Instructions to follow. Would you repeat the entries below exactly and omit the pictures?

Extracted records.
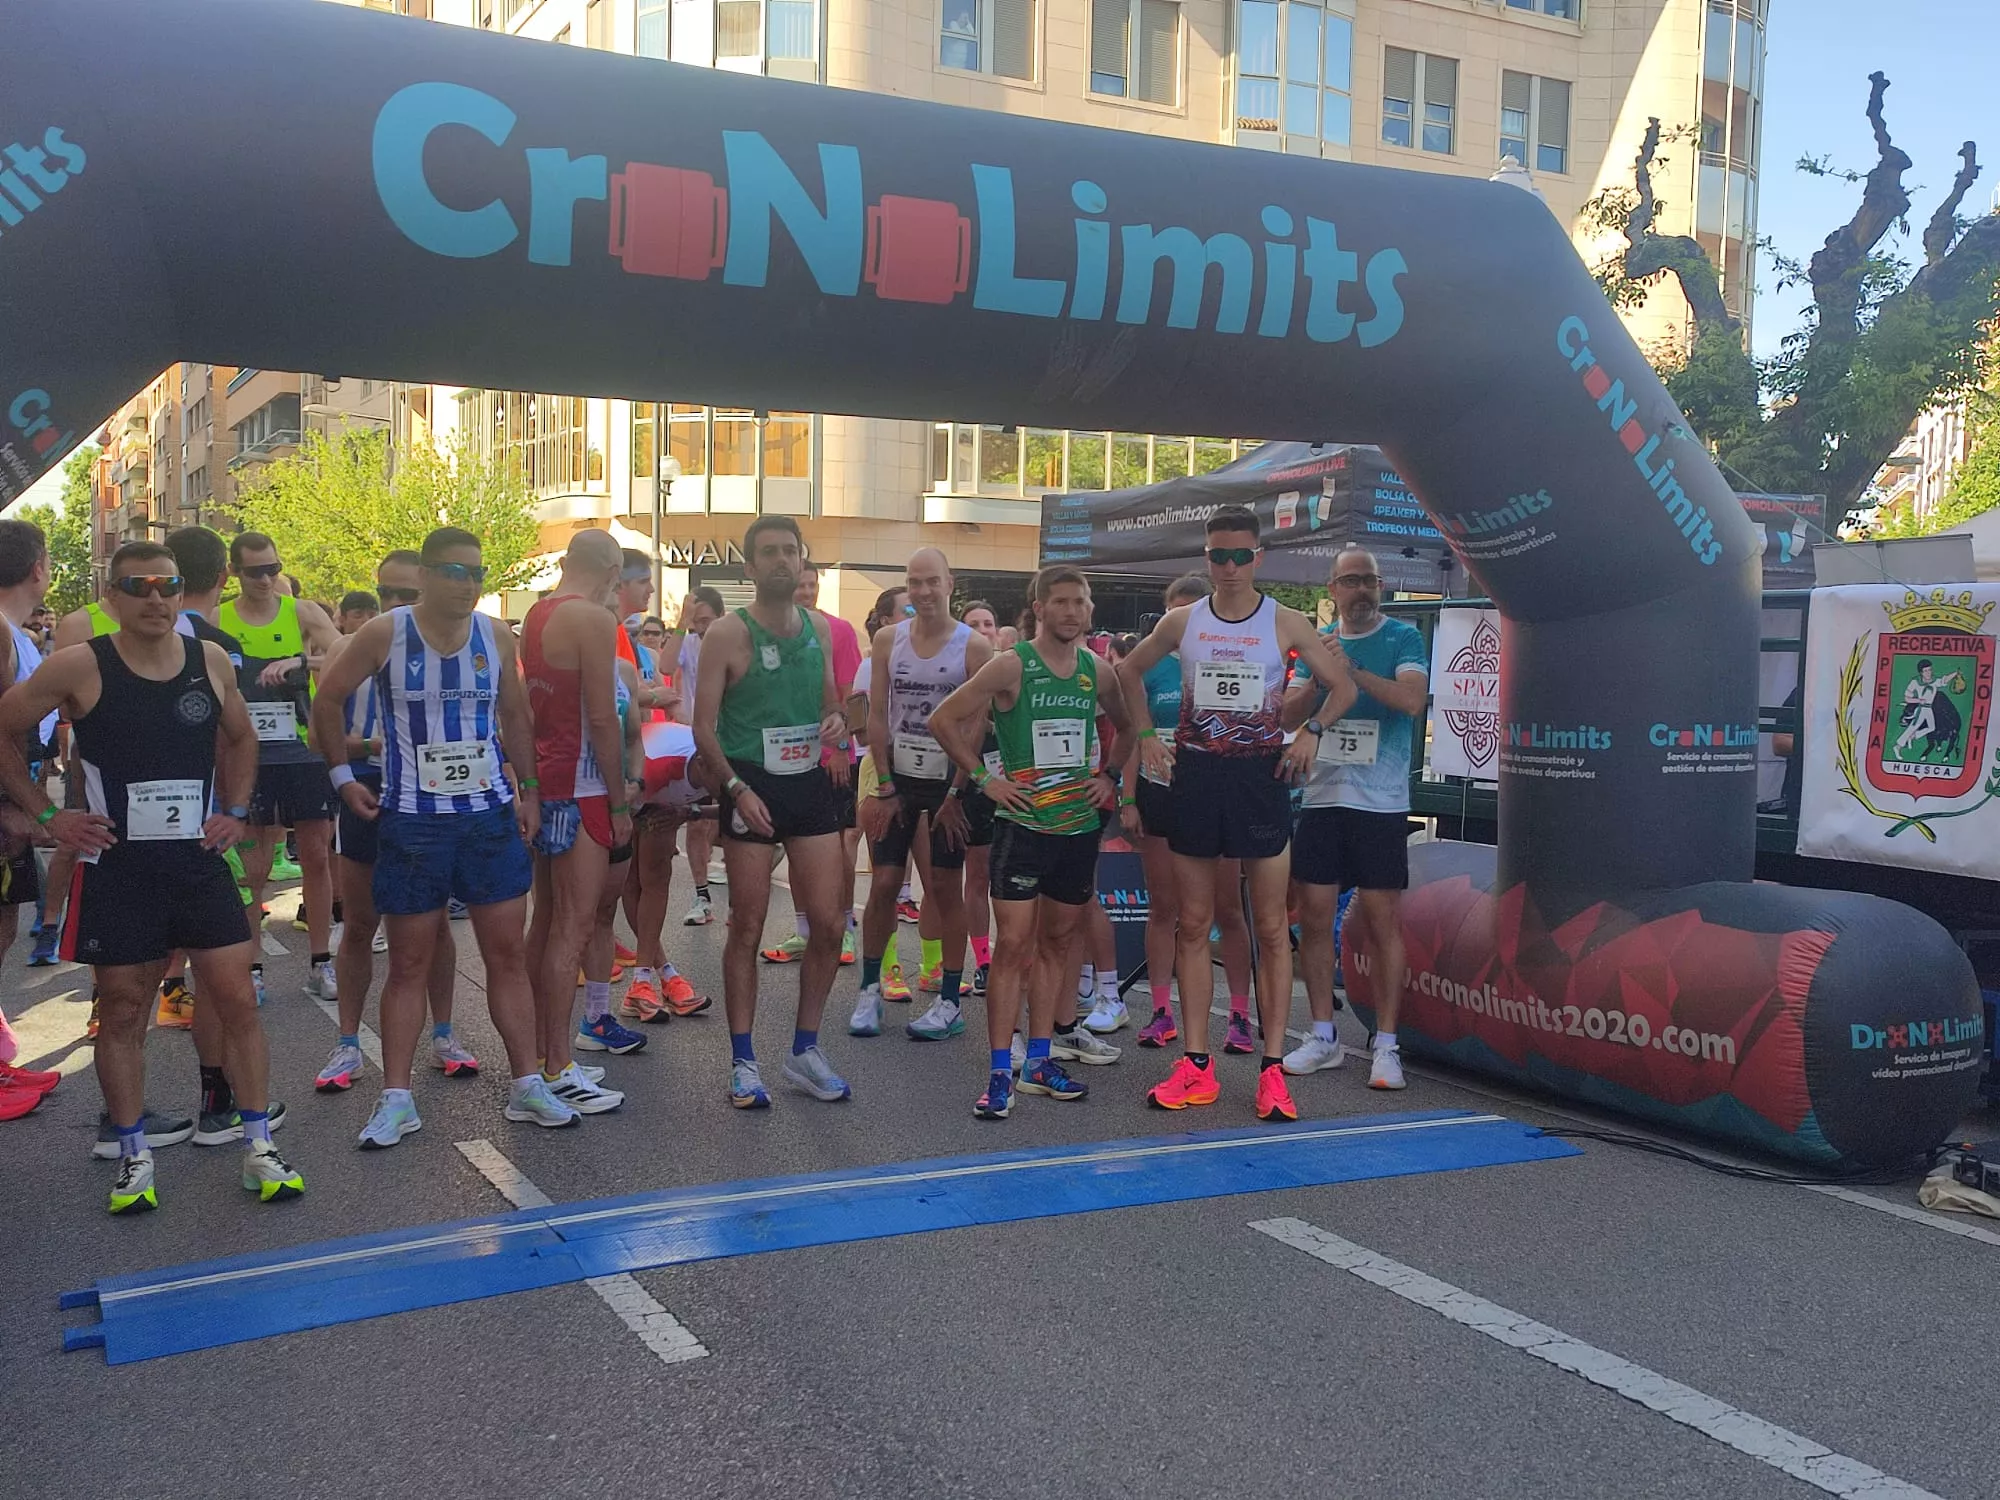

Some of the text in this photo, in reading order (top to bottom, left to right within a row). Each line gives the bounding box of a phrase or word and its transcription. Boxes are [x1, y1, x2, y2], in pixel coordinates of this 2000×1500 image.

[1375, 488, 1405, 503] BOLSA
[1373, 505, 1425, 520] SPEAKER Y
[1366, 520, 1408, 535] TROFEOS
[1408, 525, 1416, 536] Y
[1500, 531, 1558, 558] deportivos
[1888, 636, 1986, 653] RECREATIVA
[439, 690, 494, 700] GIPUZKOA
[1216, 681, 1241, 696] 86
[1452, 678, 1500, 697] SPAZ
[1031, 692, 1090, 710] Huesca
[1870, 656, 1890, 750] PEÑA
[1971, 663, 1992, 762] ZOITI
[257, 718, 277, 731] 24
[1062, 739, 1070, 753] 1
[1339, 737, 1358, 752] 73
[780, 744, 811, 761] 252
[1666, 751, 1700, 761] Servicio
[1701, 752, 1712, 761] de
[914, 754, 924, 767] 3
[1577, 757, 1585, 767] y
[444, 764, 470, 781] 29
[1544, 767, 1597, 779] deportivos
[1661, 763, 1695, 774] gestión
[1695, 763, 1706, 773] de
[1892, 763, 1951, 777] HUESCA
[166, 805, 181, 824] 2
[1353, 952, 1736, 1065] w.cronolimits2020.com
[1894, 1053, 1929, 1065] Servicio
[1929, 1051, 1940, 1062] de
[1871, 1067, 1900, 1079] vídeo
[1901, 1061, 1954, 1079] promocional
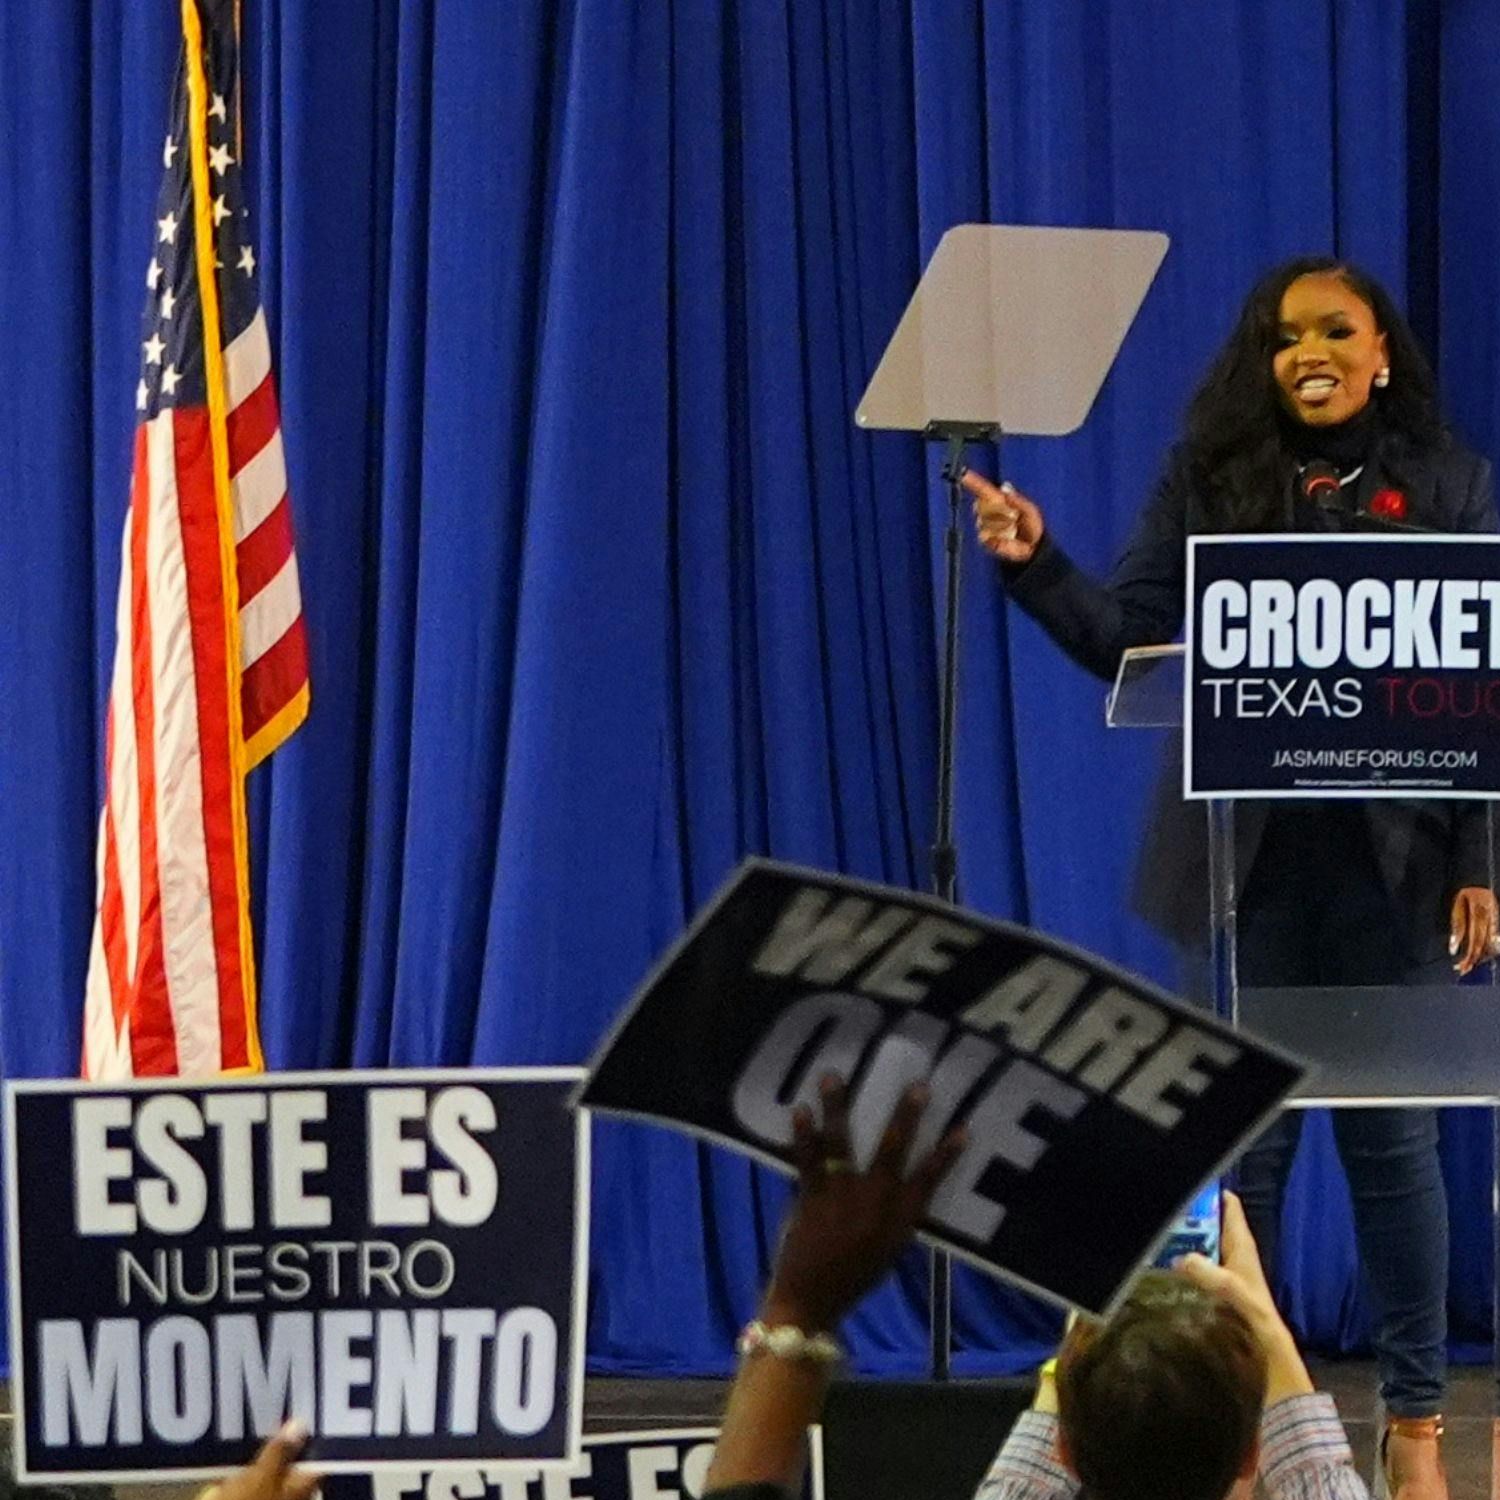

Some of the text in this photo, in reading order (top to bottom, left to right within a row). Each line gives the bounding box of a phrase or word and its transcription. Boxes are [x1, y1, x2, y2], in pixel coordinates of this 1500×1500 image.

Written response.
Some of the text in this photo, in reading order (top to bottom, left to right within a row). Each line gives the bounding box of a phrase or word and its transcription. Boxes are [x1, y1, x2, y2], in pixel coordinates of this 2000×1500 image.

[1375, 488, 1405, 503] BOLSA
[1373, 505, 1425, 520] SPEAKER Y
[1366, 520, 1408, 535] TROFEOS
[1408, 525, 1416, 536] Y
[1500, 531, 1558, 558] deportivos
[1888, 636, 1986, 653] RECREATIVA
[439, 690, 494, 700] GIPUZKOA
[1216, 681, 1241, 696] 86
[1452, 678, 1500, 697] SPAZ
[1031, 692, 1090, 710] Huesca
[1870, 656, 1890, 750] PEÑA
[1971, 663, 1992, 762] ZOITI
[257, 718, 277, 731] 24
[1062, 739, 1070, 753] 1
[1339, 737, 1358, 752] 73
[780, 744, 811, 761] 252
[1666, 751, 1700, 761] Servicio
[1701, 752, 1712, 761] de
[914, 754, 924, 767] 3
[1577, 757, 1585, 767] y
[444, 764, 470, 781] 29
[1544, 767, 1597, 779] deportivos
[1661, 763, 1695, 774] gestión
[1695, 763, 1706, 773] de
[1892, 763, 1951, 777] HUESCA
[166, 805, 181, 824] 2
[1353, 952, 1736, 1065] w.cronolimits2020.com
[1894, 1053, 1929, 1065] Servicio
[1929, 1051, 1940, 1062] de
[1871, 1067, 1900, 1079] vídeo
[1901, 1061, 1954, 1079] promocional

Some of the text in this photo, in reading order (top to bottom, left to right within a row). Each line gives the bounding box of a phrase or word and its transcription. Boxes are [x1, y1, x2, y2], in pixel coordinates of this 1500×1500 image.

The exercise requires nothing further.